Rav Chaim was born in 1926 in the city of Vilna, where Yeshiva Knesses Bais Yitzchok, led by Rav Boruch Ber Leibowitz, had moved following the upheaval of World War I. The following year, the family moved—along with the yeshiva and its revered leader—to Kamenitz, Poland, where the yeshiva would exist until the outbreak of World War II.
Life in Kamenitz was idyllic, despite the tremendous poverty with which the Grozovskys lived. Rav Reuven was a pillar of the yeshiva, and his family lived in the apartment above the zaide, Rav Boruch Ber. Young Chaim learned in the local cheder until his bar mitzvah, the year that the Nazis entered the town. After a short period, they handed the town to the Russians, and the Grozovskys were once again on the move, returning to the big city of Vilna.

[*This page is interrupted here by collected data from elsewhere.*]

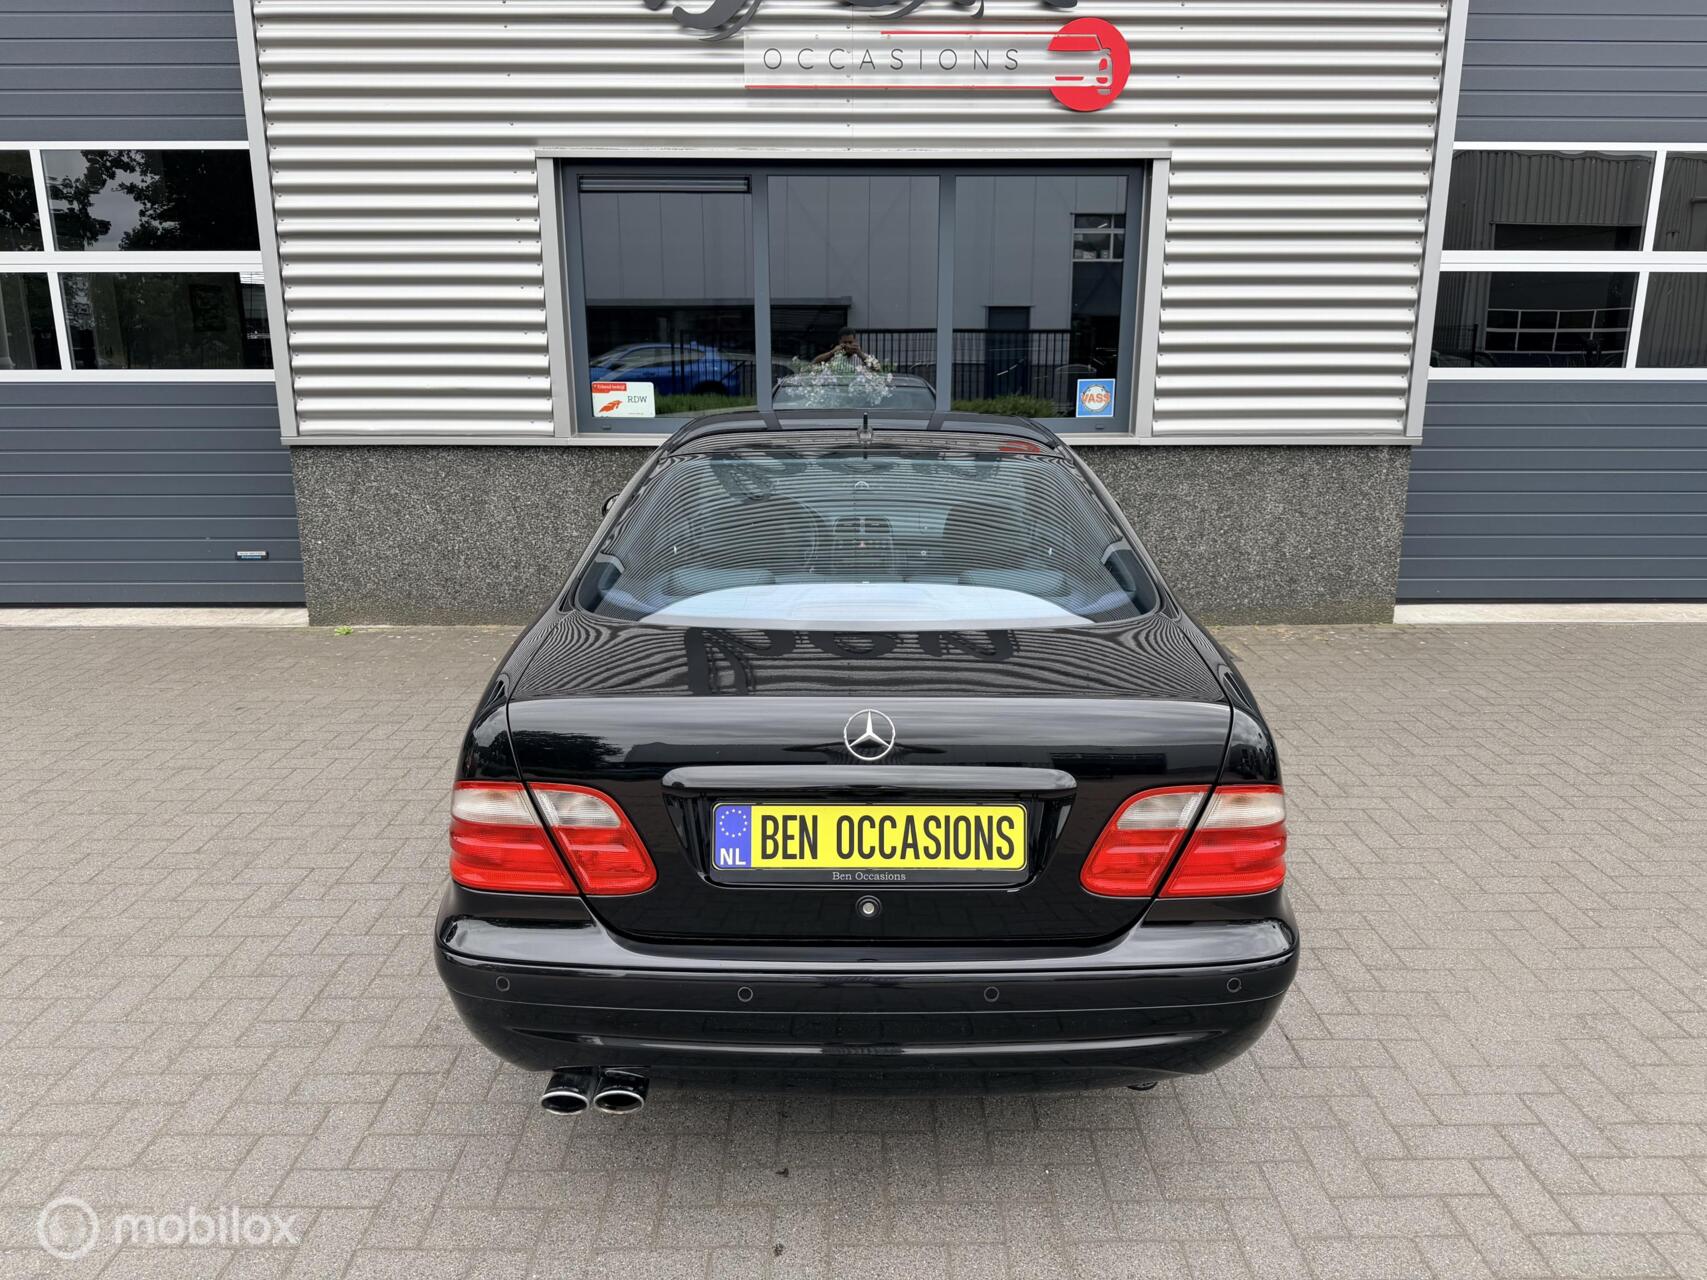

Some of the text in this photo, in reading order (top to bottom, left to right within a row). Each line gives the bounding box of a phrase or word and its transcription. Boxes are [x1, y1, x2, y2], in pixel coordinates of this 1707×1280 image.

[763, 47, 1019, 71] OCCASIONS
[627, 395, 648, 403] RDW
[1081, 392, 1111, 404] VASS
[761, 814, 1015, 861] BEN OCCASIONS
[719, 848, 746, 866] NL
[832, 871, 906, 881] Ben Occasions

There, Chaim joined the Baranovitch Yeshiva, which had relocated to Vilna, hearing shiurim from Rav Elchonon Wasserman. While Chaim was toiling and growing in Torah in Vilna, his father, Rav Reuven had moved the Kamenitz Yeshiva to the town of Rasein in 1940, following the petirah of Rav Boruch Ber shortly before that. We find letters that he sent to rabbonim in America, imploring them to send support for the yeshiva, which was struggling financially.
In the Yeshivos of America
In 1941, Rav Reuven, along with his family and a group of Kamenitzer talmidim, escaped to the United States, landing on the West Coast. Soon they made their way to New York, settling in Williamsburg, where Rav Reuven became rosh yeshiva at Yeshiva Torah Vodaas. In Williamsburg, the Grozovskys lived in the same apartment building as Rav Shlomo Heiman, and Rav Chaim entered the yeshiva, where he heard shiurim from Rav Shlomo.

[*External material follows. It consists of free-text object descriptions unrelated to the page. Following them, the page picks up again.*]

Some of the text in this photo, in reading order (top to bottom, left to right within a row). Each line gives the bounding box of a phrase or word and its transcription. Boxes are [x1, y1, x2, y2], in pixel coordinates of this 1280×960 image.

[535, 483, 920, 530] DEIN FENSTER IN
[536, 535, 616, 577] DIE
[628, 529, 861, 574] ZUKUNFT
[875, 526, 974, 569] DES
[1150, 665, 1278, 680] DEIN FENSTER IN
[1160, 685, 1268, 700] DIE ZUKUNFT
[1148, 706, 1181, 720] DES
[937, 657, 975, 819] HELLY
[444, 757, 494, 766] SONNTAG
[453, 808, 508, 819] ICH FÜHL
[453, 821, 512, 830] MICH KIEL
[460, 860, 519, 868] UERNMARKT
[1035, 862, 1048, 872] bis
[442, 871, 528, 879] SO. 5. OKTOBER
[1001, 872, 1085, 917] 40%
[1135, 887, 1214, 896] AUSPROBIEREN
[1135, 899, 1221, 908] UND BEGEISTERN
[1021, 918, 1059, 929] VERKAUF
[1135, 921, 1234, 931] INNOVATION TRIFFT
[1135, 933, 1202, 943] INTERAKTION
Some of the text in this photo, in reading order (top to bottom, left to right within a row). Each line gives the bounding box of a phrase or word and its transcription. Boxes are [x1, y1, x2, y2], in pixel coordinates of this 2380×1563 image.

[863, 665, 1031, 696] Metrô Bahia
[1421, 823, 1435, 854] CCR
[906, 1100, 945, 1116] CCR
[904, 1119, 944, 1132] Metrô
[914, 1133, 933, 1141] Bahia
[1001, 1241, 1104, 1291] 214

With the establishment of Bais Medrash Elyon in Monsey, Rav Chaim was among the elite bochurim who comprised the chaburah there. His father would divide his time between Torah Vodaas and Bais Medrash Elyon, arriving in Monsey for the weekends, where he delivered fiery shiurim on Fridays and Sundays.
After a few years, he went to join the nascent Bais Medrash Govoah in Lakewood, where he would become a prize talmid of Rav Aharon Kotler. Aside from his great hasmodah in Lakewood and hearing Rav Aharon’s legendary shiurim, he became close to the rosh yeshiva and would accompany him on missions out of town. He would often serve as a messenger between his father and Rav Aharon as the two worked together on a variety of initiatives, including the Vaad Hatzolah and post-war relief. In Lakewood, Rav Chaim was known to have an exceptional mastery of Rishonim and Acharonim.
He married Rebbetzin Faiga, daughter of Rav Chaim Shraga Lichtenstein of Williamsburg, and he continued learning in Lakewood with great diligence.
Decades of Harbotzas Torah
After nine years in Lakewood, he was asked by his father to join the Kamenitzer Kollel on the Lower East Side. This was an institution where a select group of yungeleit toiled in learning, and Rav Reuven carried the responsibility of leading the kollel and supporting the yungeleit. Soon it was sold, and it partnered with Mesivta of Boro Park, the high school of Yeshiva Toras Emes. Rav Chaim served as a maggid shiur there for a number of years, until he opened his own yeshiva.
Talmidim relate that his shiurim were given with a great fire, following in the derech of his illustrious rabbeim and of his venerated father and grandfather. Rav Shmuel Berenbaum, the Mirrer rosh yeshiva, would later say that “Rav Chaim dedicated his entire life to the Torah of his father and grandfather.”
At a later time, he founded Yeshiva and Bais Medrash Bais Reuven Kamenitz in Boro Park, drawing a choshuve crowd of mispallelim and lomdim. Twice a year, he would hold an asifas zikaron, on the yahrtzeit of his father and of his grandfather, commemorating the legacies that lived on in his mind. These gatherings would bring together many Kamenitzer alumni, as well as talmidim of Rav Reuven.
In his later years, he was instrumental in the founding of Bais Reuven Kamenitz in Lakewood, which was established by his son Rav Boruch Ber, and was deeply involved in its development.
Anyone who frequented Rabbi Grozovsky’s shul will recall the tremendous seiver ponim yafos with which Rav Chaim would greet each person. He always had a good word for everyone. He was also a fiery orator and, utilizing his incredible memory and recalling details of 50 years earlier with crystal clarity, he would relate stories of his holy forbears. Well into his seventies, he maintained three daily sedorim with great hasmodah until his petirah in 1999.
Rav Chaim was zocheh to leave behind a family of talmidei chachomim and marbitzei Torah, a credit to the holy legacy that he perpetuated.